[[ Entries shown open ]]

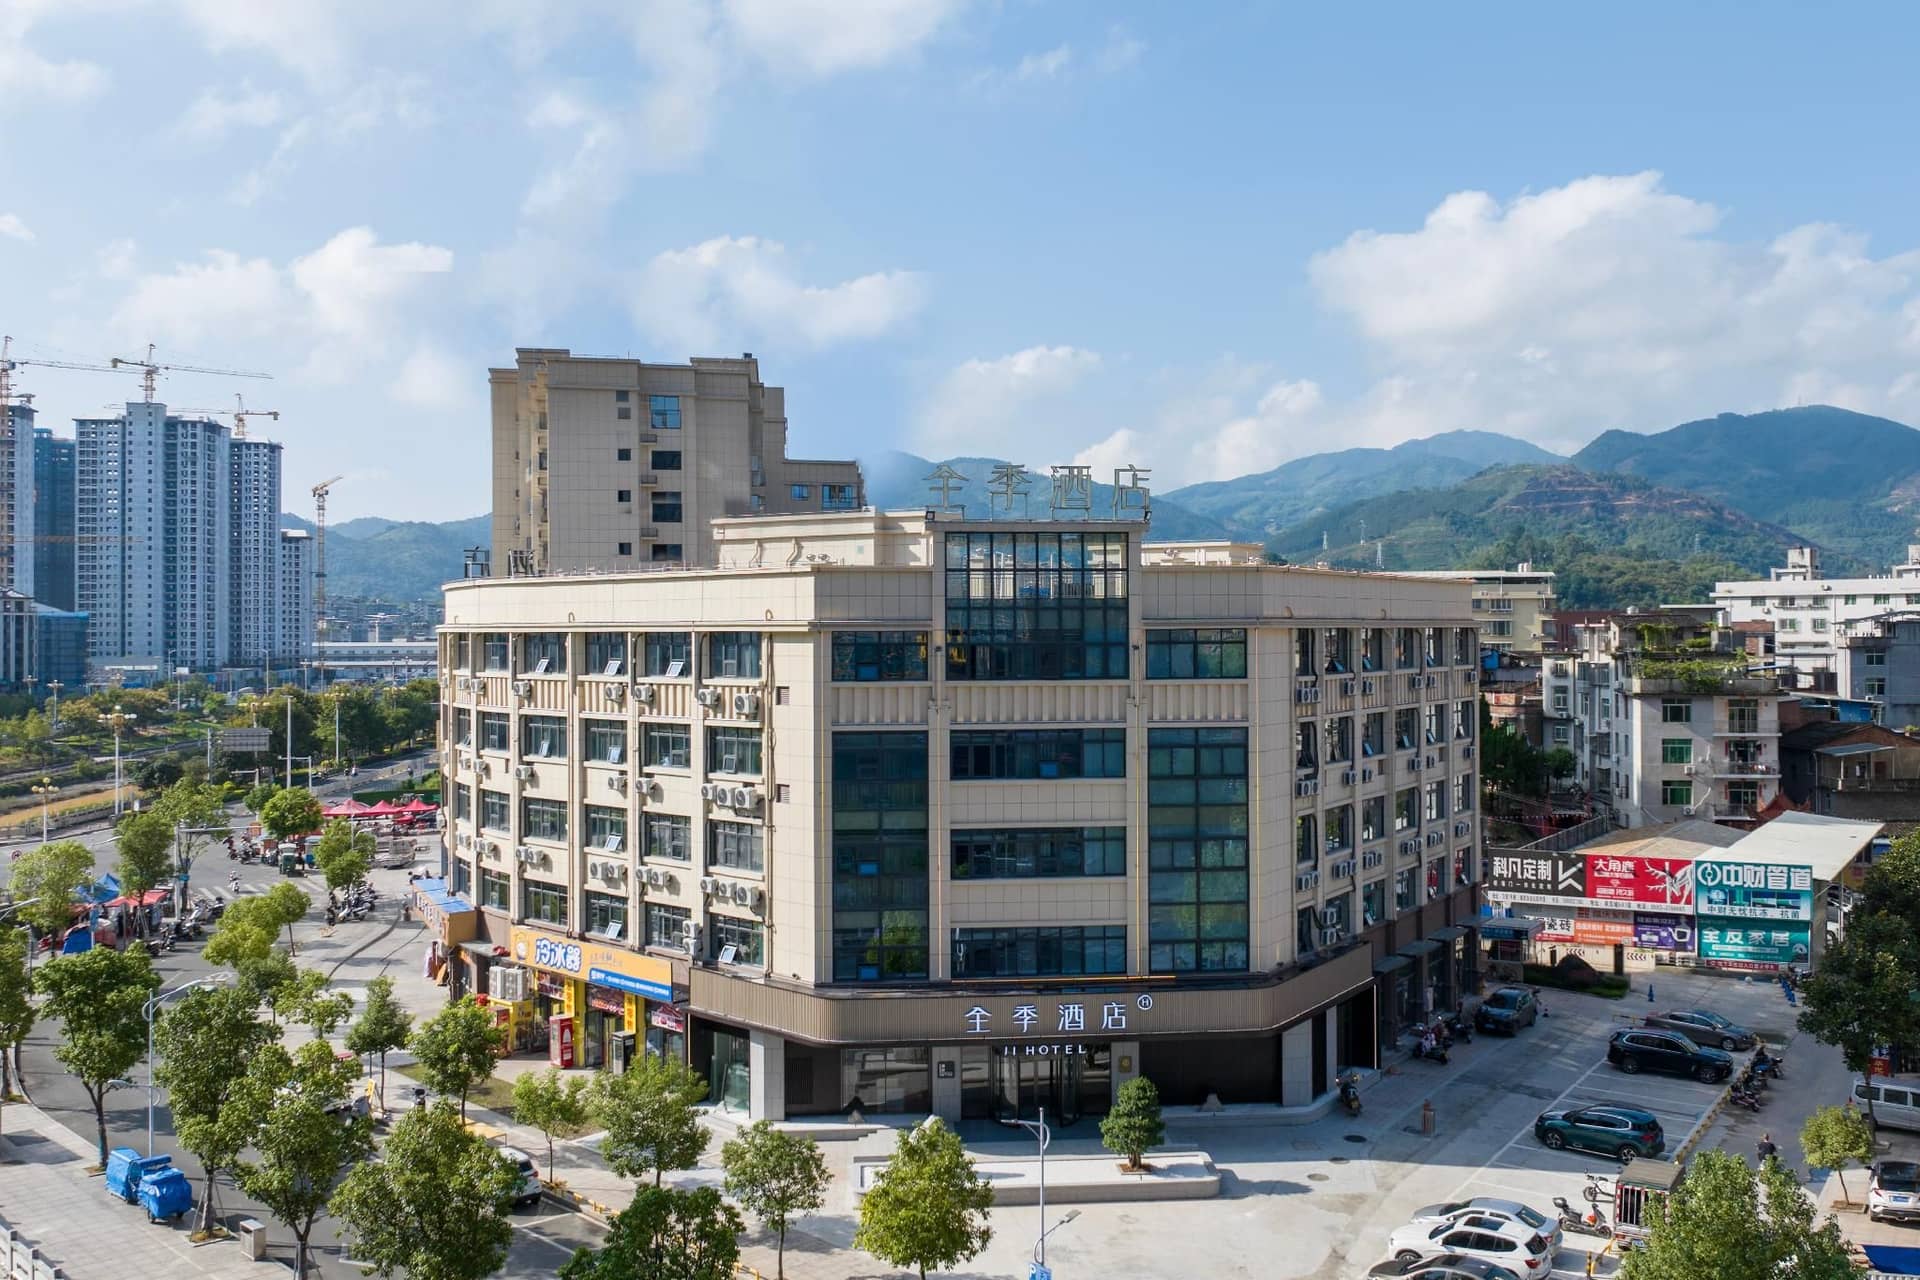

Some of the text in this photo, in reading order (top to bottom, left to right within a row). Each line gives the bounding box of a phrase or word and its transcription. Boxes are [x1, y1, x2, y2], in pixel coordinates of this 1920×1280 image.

[923, 463, 1151, 511] 全季酒店
[1493, 857, 1552, 881] 科凡定制
[1594, 859, 1635, 873] 大角鹿
[1722, 864, 1811, 890] 中财管道
[964, 1002, 1127, 1033] 全季酒店
[1004, 1044, 1088, 1056] JI HOTEL
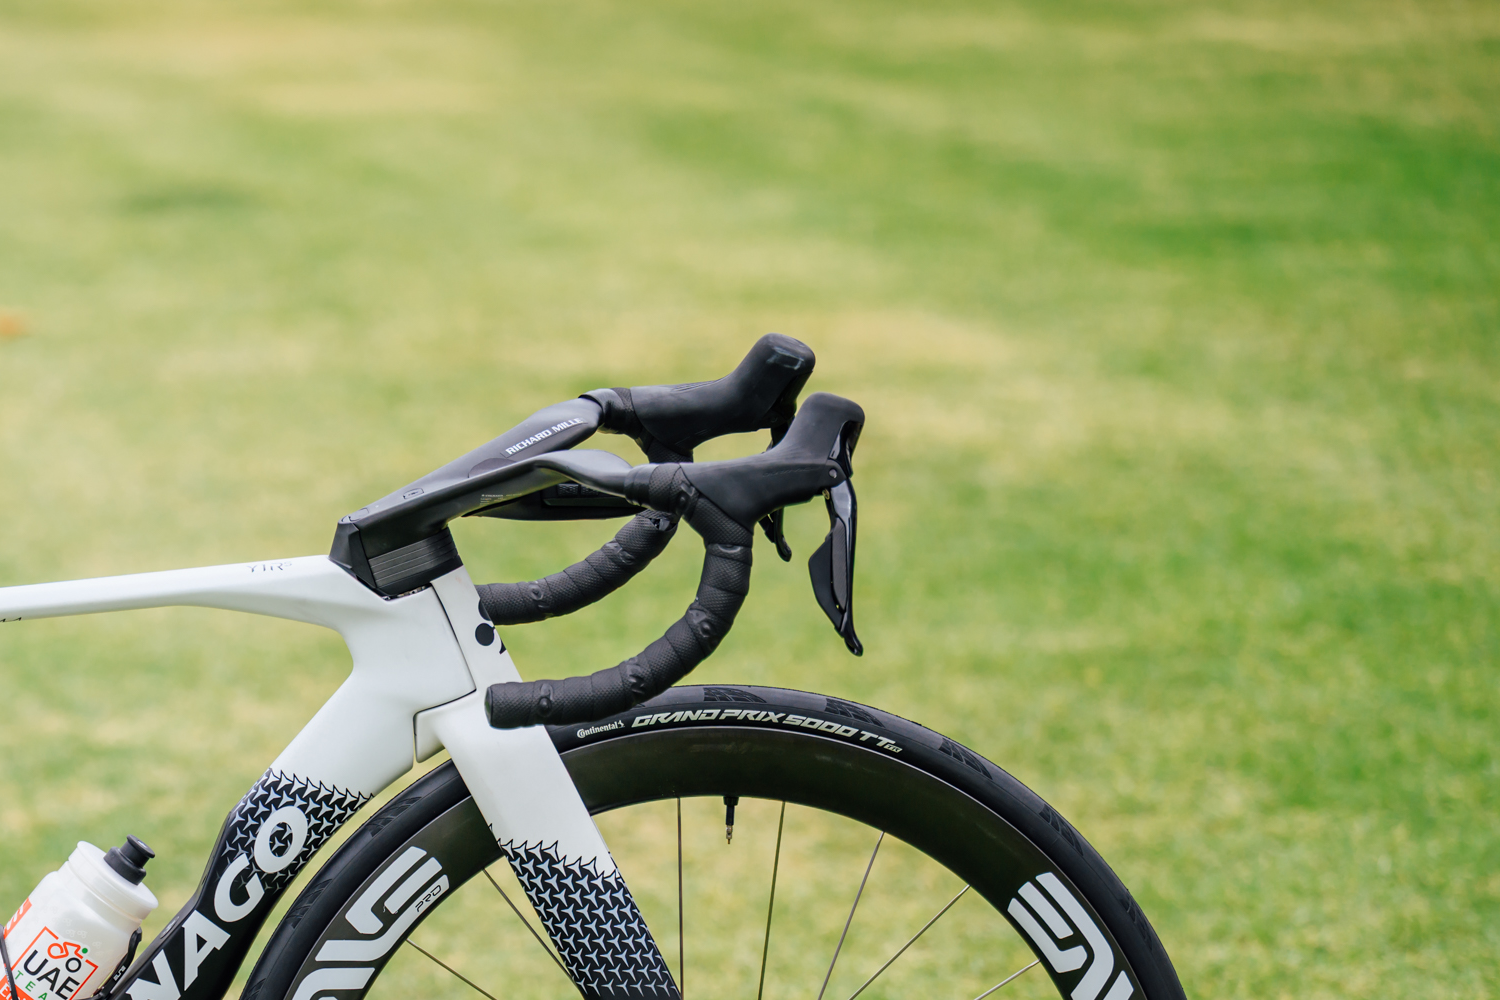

[[ Entries shown closed ]]

*Exercise prompt*: The records are to be duplicated in full and exactly, with images left out.

*Task result*:
Some of the text in this photo, in reading order (top to bottom, left to right within a row). Each line gives the bounding box of a phrase or word and its transcription. Boxes are [x1, y1, x2, y2], in pixel coordinates of this 1920×1280 image.

[923, 463, 1151, 511] 全季酒店
[1493, 857, 1552, 881] 科凡定制
[1594, 859, 1635, 873] 大角鹿
[1722, 864, 1811, 890] 中财管道
[964, 1002, 1127, 1033] 全季酒店
[1004, 1044, 1088, 1056] JI HOTEL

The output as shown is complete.